How to implement User story mapping in Scrum teams

User story mapping has become a go-to technique in Scrum for effectively capturing and visualizing user requirements. While Product Managers and Agile teams commonly leverage this approach, user story mapping extends its benefits to various stakeholders involved in the Scrum process. This article will act as a comprehensive guide for Agile Product Development. Indeed, it will explore how the different users in Scrum can harness its power to drive successful product development. 

Product Managers

As the orchestrators of product vision and strategy, product managers play a vital role in user story mapping. Not only do they utilize this technique to gain a holistic view of user needs, but also prioritize features. User story mapping helps product managers identify gaps, dependencies, and opportunities, enabling them to make informed decisions that align with the overall product vision. 

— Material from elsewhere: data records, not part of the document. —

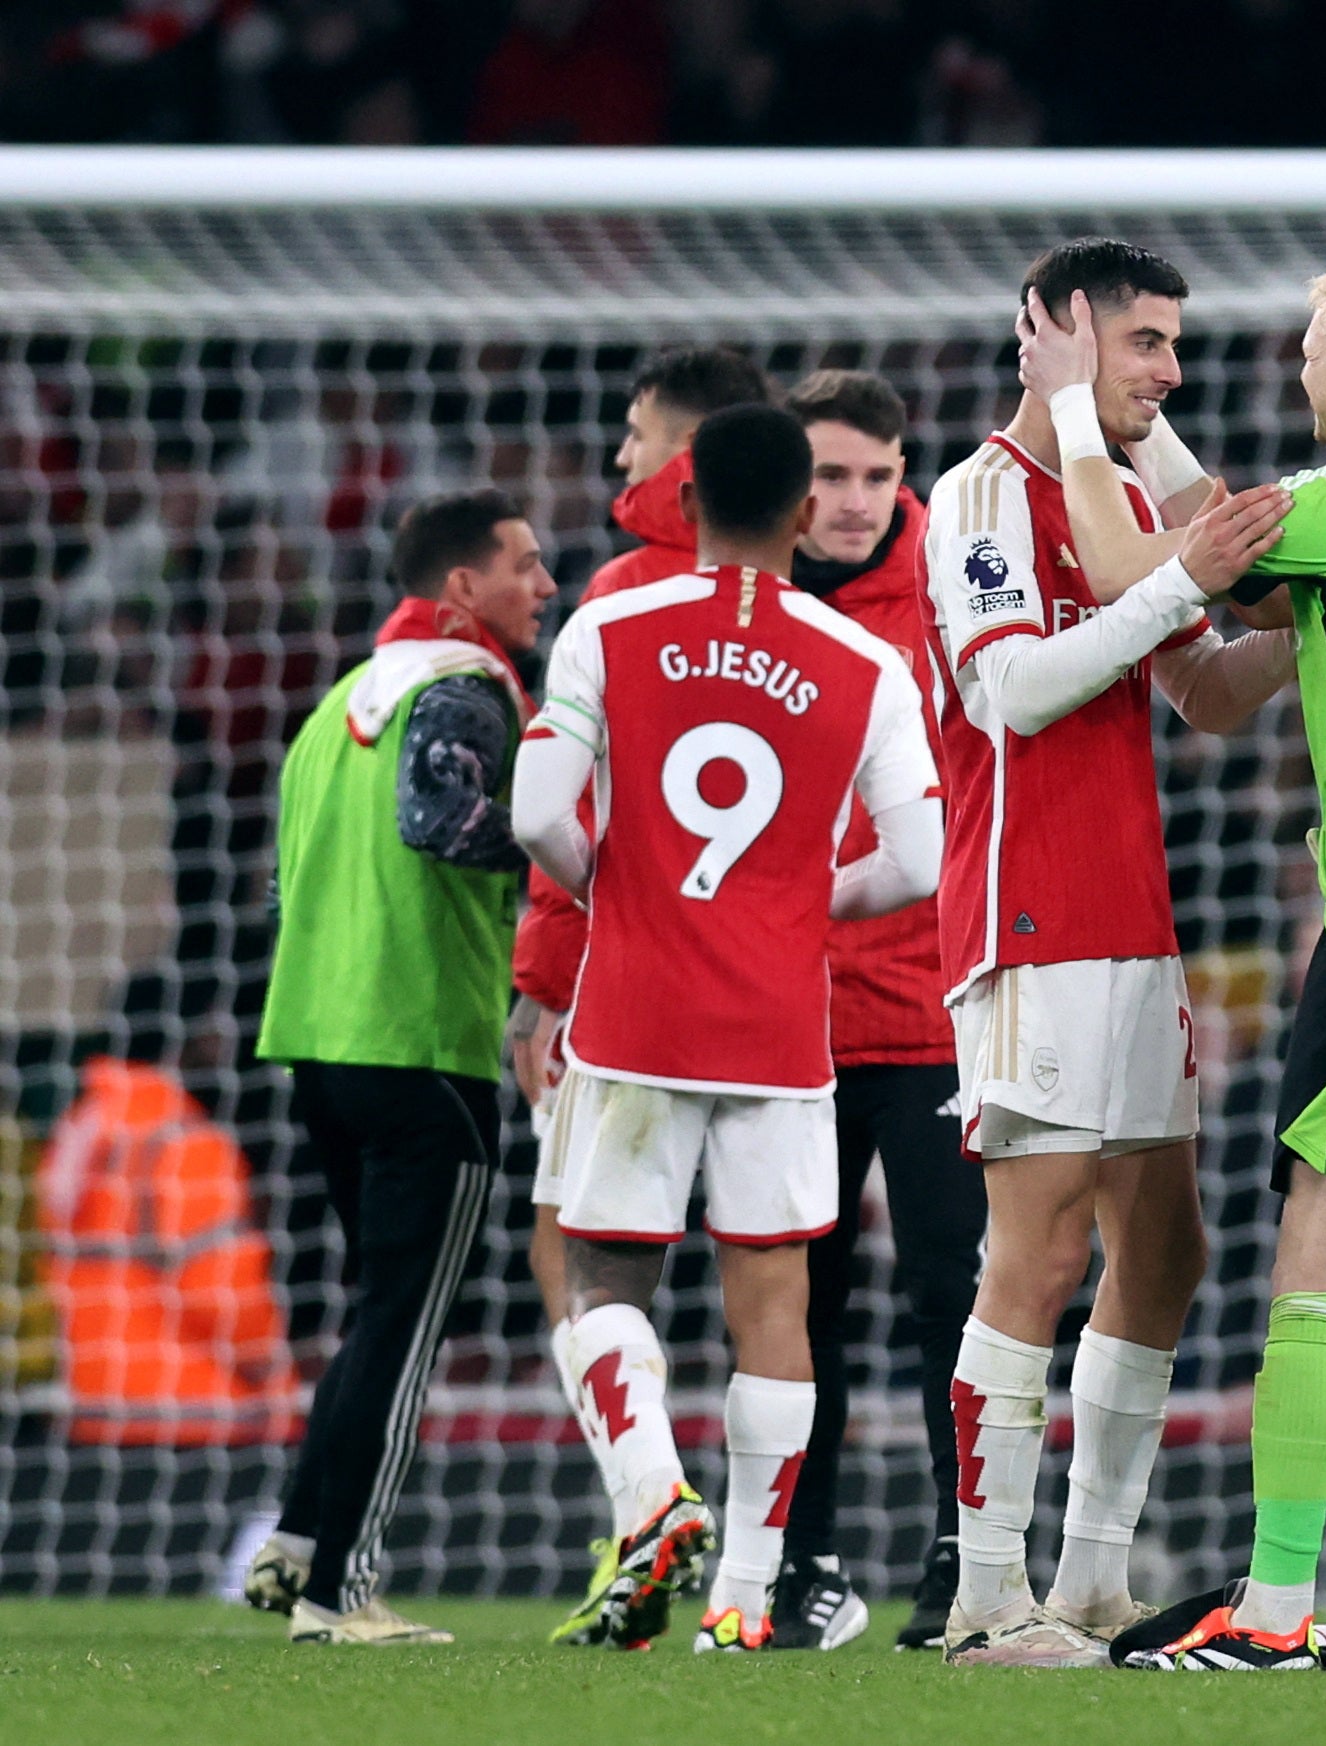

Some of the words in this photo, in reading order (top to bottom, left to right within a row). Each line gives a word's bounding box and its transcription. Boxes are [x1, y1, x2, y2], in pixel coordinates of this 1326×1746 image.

[984, 591, 1020, 604] room
[659, 639, 820, 716] G.JESUS
[661, 721, 784, 901] 9
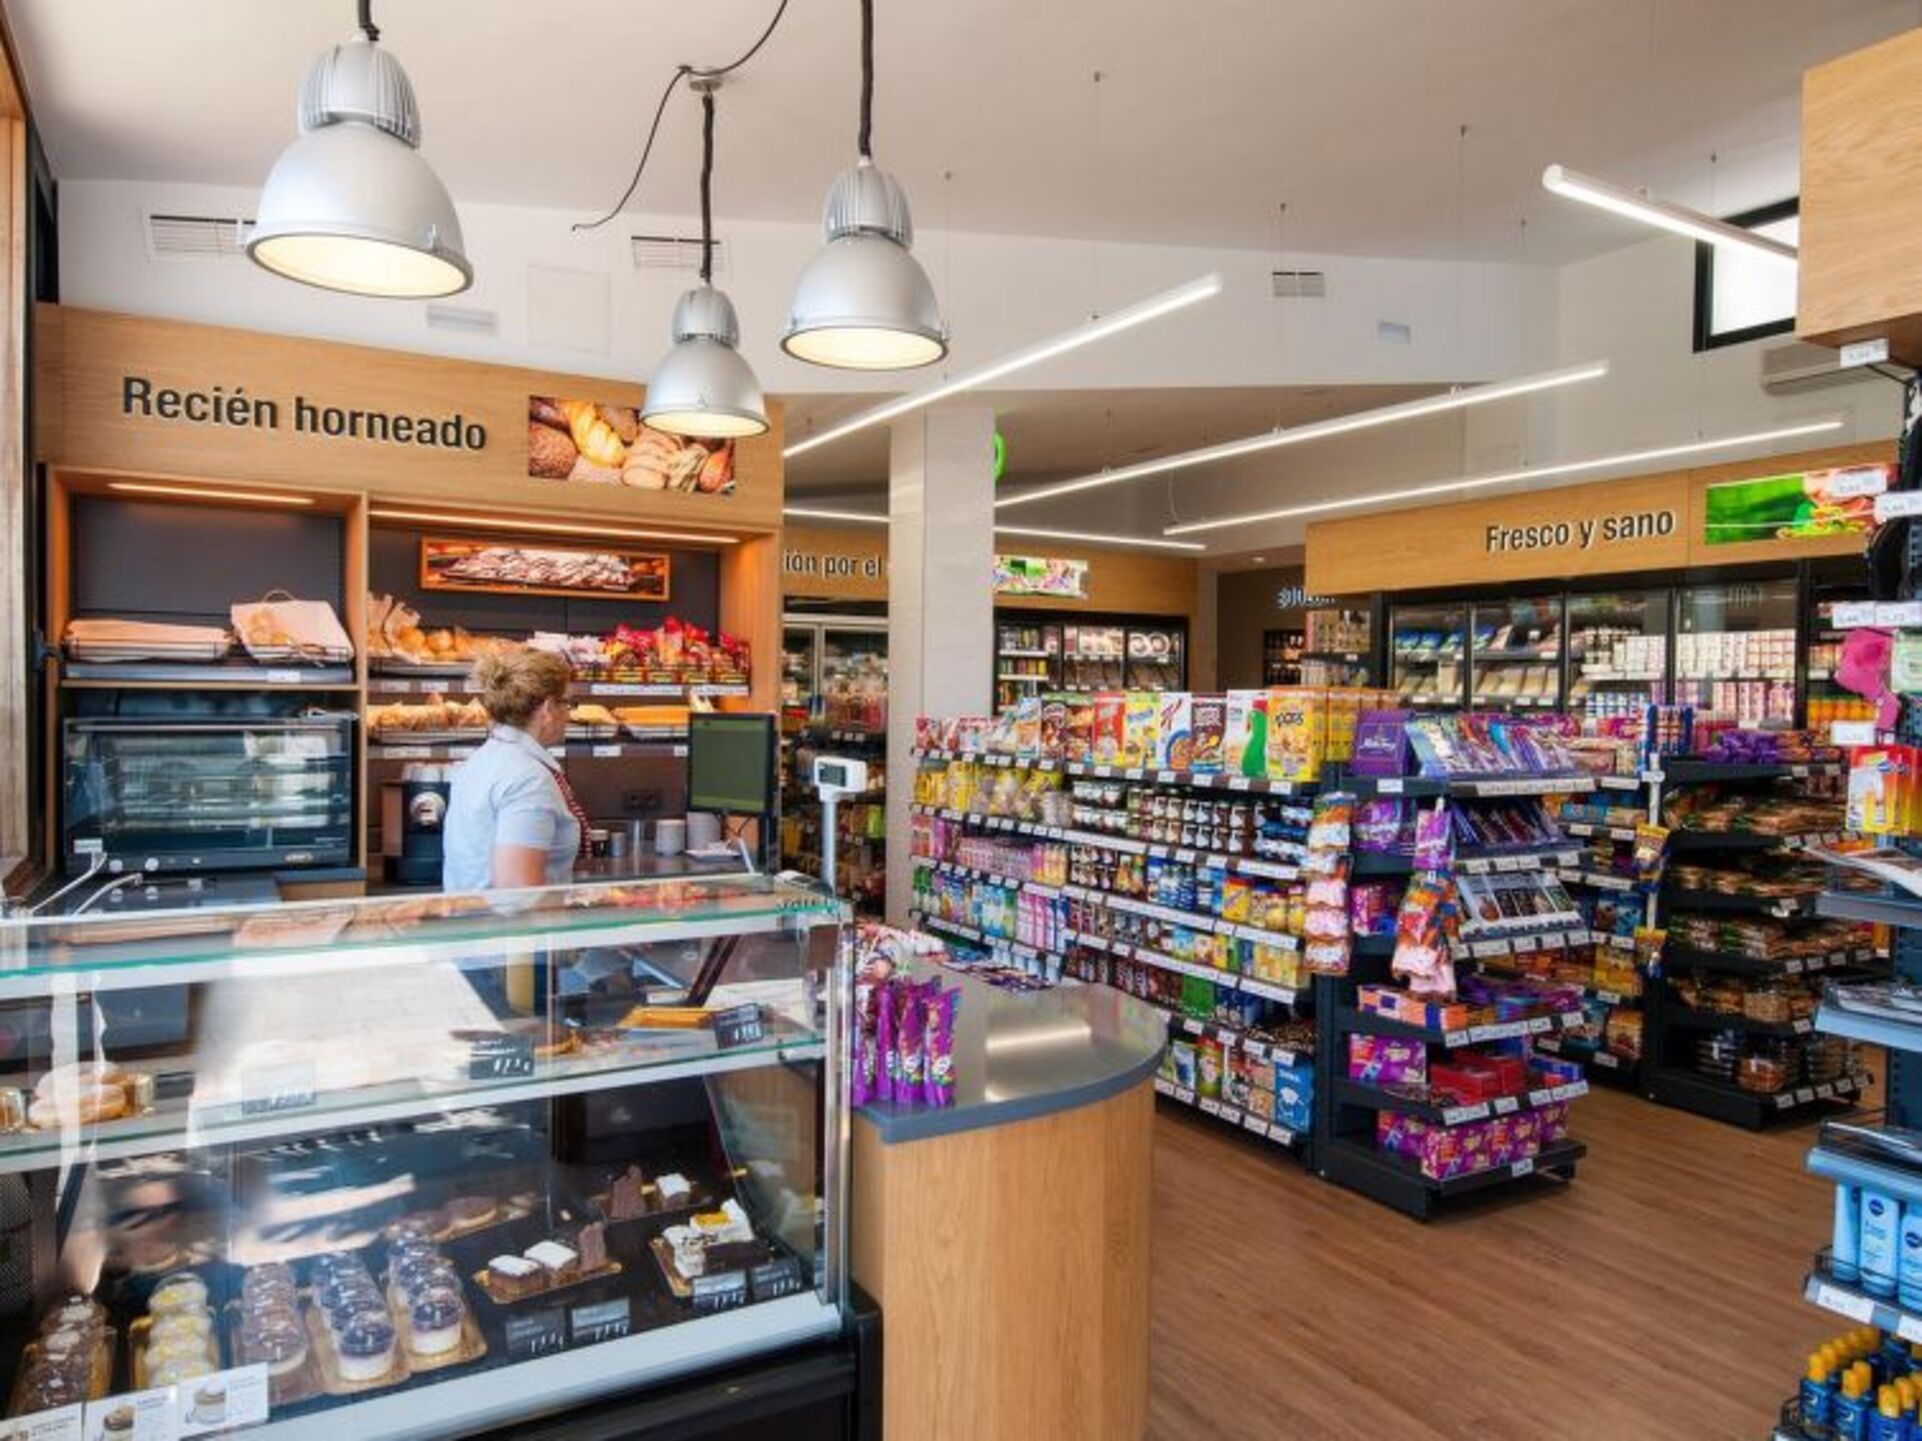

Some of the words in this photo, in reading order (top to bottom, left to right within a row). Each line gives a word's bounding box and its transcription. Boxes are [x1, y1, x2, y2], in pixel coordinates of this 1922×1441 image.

[122, 375, 279, 428] Recién
[294, 396, 488, 452] horneado
[1485, 522, 1571, 554] Fresco
[1580, 518, 1596, 549] y
[1602, 510, 1677, 541] sano
[785, 549, 818, 573] ión
[823, 553, 858, 579] por
[863, 554, 883, 578] el

A holistic view of the roadmap, the different sprints, the status of the task and the overall progress of the project
A holistic view of the roadmap provides insightful information on the overall progress of the project

Scrum Masters

Scrum Masters act as facilitators and coaches for the Scrum team. They play a crucial role in ensuring effective collaboration and communication. Hence, user story mapping serves as a valuable tool to guide and facilitate user story discussions and sprint planning. It helps them create a shared understanding among team members and fosters a collaborative environment. 

Development Teams

As for development teams, they are at the heart of the Scrum process, responsible for transforming user stories into working product increments. As a matter of fact, user story mapping helps development teams gain clarity on user requirements, dependencies, and priorities. It enables them to plan their work effectively, break down stories into actionable tasks, and align their efforts toward delivering value to end-users. 

Designers

Next, user story mapping allows Designers to understand the user journey and design experiences that meet user needs. By visualizing user stories, designers can identify touchpoints, pain points, and opportunities to enhance the user experience. They can collaborate with product managers and development teams to create intuitive and user-centric designs. 

Stakeholders

Finally, stakeholders such as executives, customers, and business analysts, benefit from user story mapping by gaining visibility into the product development process. The tool provides a clear picture of the product’s direction, timeline, and expected features. All stakeholders can actively participate in discussions, provide feedback, and ensure alignment with business objectives. 

Discussion board on each card between stakeholders
Easily leave comments or discuss with all stakeholders on the selected card

All in all, user story mapping is a versatile technique that caters to various users involved in Scrum. From product managers shaping the product vision to development teams delivering working increments, each stakeholder benefits from the shared understanding and collaborative environment fostered by user story mapping. By leveraging this technique, Scrum teams can streamline their processes, enhance communication, and deliver products that truly meet user needs. 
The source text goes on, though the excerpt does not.